American baseball player (1902-1977)

John Henry Frederick (January 26, 1902 – June 18, 1977) was an American Major League Baseball outfielder. He played six seasons for the Brooklyn Dodgers, compiling a .308 batting average (954-for-3102) with 85 home runs and 377 RBI for his career.

==Baseball career==
Frederick moved to Portland, Oregon at 7 years old and started playing semi-professional baseball in 1920 for a team sponsored by a local hardware interest.

Frederick began his professional baseball career in 1921 and broke into the majors in 1929. His rookie season, he batted .328 with 206 hits while leading the team with 24 home runs and 127 runs scored. He led the major leagues with 52 doubles, the highest total of the century to that point and a Dodgers team record that stood until 2023. That year he also set a Dodgers rookie record for most leadoff home runs in season with three, a record that was not matched until Joc Pederson matched it in May 2015. Frederick recorded 206 hits in both 1929 and 1930, his first two years in the majors. He had four 5-hit games in his six-year major league career. He also led off a game with a home run 10 times with the Dodgers, second in franchise history.

In 1932, Frederick blasted six pinch-hit home runs, setting a major league record that stood for 68 years.

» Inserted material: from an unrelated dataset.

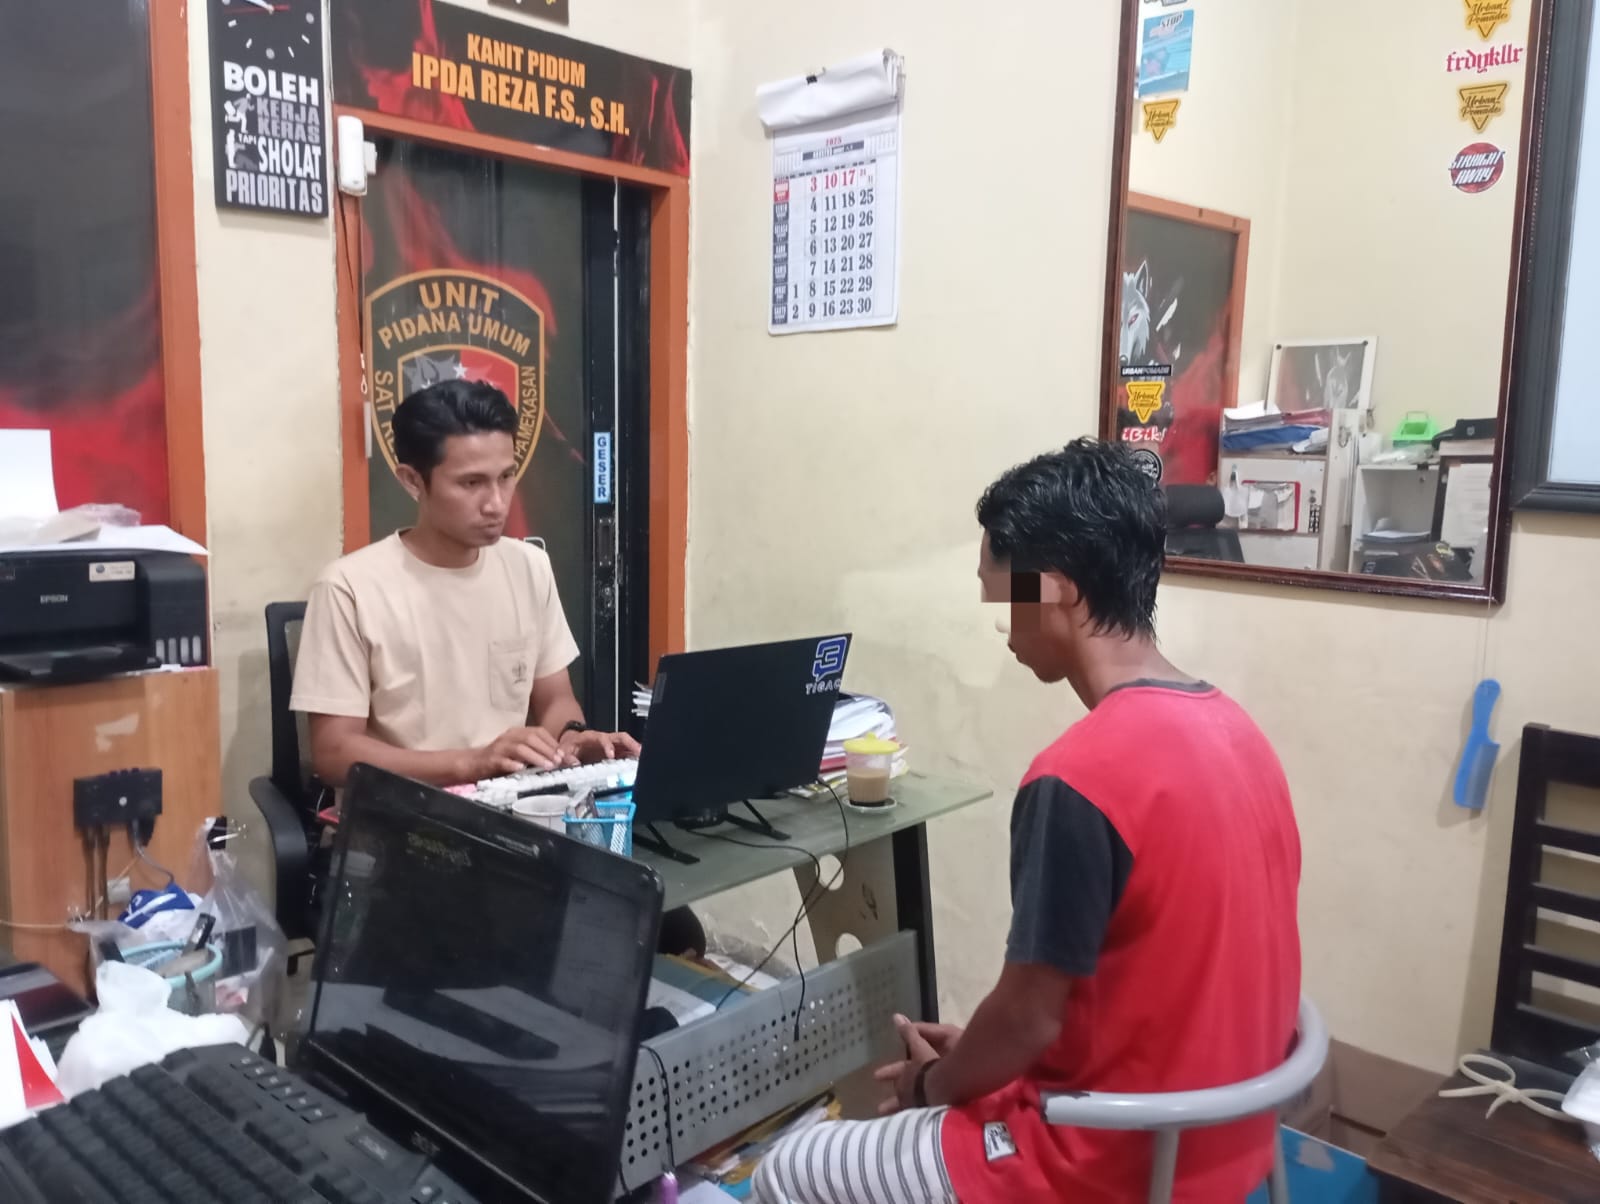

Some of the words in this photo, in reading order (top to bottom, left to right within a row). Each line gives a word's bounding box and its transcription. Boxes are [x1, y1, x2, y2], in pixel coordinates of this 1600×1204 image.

At the time of his retirement in 1934, Frederick held the record for most career home runs by a player born in Colorado (85). He held the mark for eighty years until Chase Headley broke it in 2014.

Frederick was an effective pinch hitter in his MLB career, batting .300 (21-for-70) with 8 home runs and 25 RBI.

===Post-major leagues===
Before the 1935 season, the Dodgers traded Frederick to Sacramento of the Pacific Coast League, where he hit a career-high .363. In 2005, he was elected to the Pacific Coast League Hall of Fame.

Frederick was the manager for the Portland Beavers in 1940.